NEW DELHI, Apr 4: Congress leader Rahul Gandhi on Saturday accused the Modi government of compromising the security of Indian citizens by hiding the truth about foreign surveillance through Chinese CCTV cameras and other digital platforms.
“This is a deliberate effort to keep India in the dark,” Gandhi said in a Hindi Facebook post, adding that banned Chinese cameras are still present in government buildings, while prohibited Chinese apps are resurfacing under new names. He also raised concerns about foreign AI platforms processing sensitive government data, noting that the government has remained silent on these issues.
Gandhi said he had raised detailed questions in Parliament to the Ministry of Electronics and IT, but received vague responses without concrete figures or platform names. “From which countries did our cameras originate? How many are certified as secure? Which foreign AI platforms are processing government data? Which banned apps continue under altered names? There were no answers,” he said.
Highlighting that five years after acknowledging the risks posed by over ten lakh Chinese cameras, the government has still failed to confirm the security of cameras currently in use, Gandhi alleged that the authorities are prioritizing cover-ups over public safety.

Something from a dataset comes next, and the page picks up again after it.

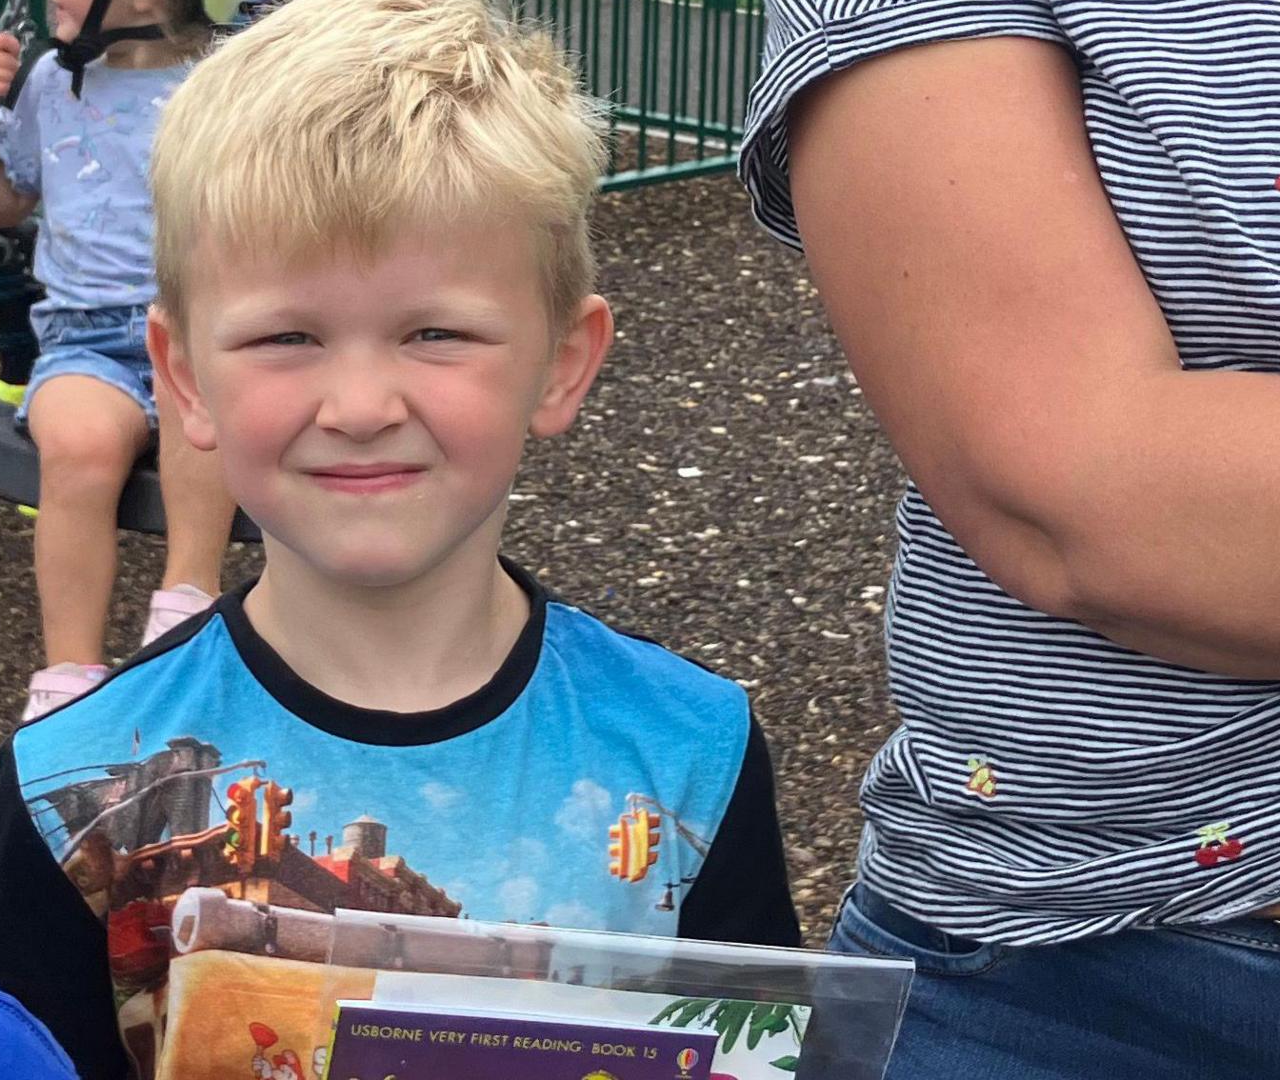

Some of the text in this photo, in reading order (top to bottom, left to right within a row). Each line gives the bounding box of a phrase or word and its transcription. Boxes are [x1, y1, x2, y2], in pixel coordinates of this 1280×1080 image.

Responding to Gandhi’s unstarred question in Lok Sabha on March 25, Minister of State for Electronics and IT Jitin Prasada stated that the government is aware of cybersecurity risks and has taken several measures to strengthen the digital ecosystem. These include securing telecom networks, enhancing legal frameworks like the Telecommunication Act, 2023, and the Digital Personal Data Protection Act, 2022, and reforming CCTV security standards in India.
Prasada noted that steps such as the National Security Directive on Trusted Sources, implemented in 2021, ensure that telecom equipment from trusted sources is deployed, and mandatory essential requirements for CCTVs have been notified for the Indian market.
However, Gandhi insisted that these measures fail to address the ongoing risk of foreign surveillance and called for full disclosure of the origin and security of digital and surveillance systems used by the government.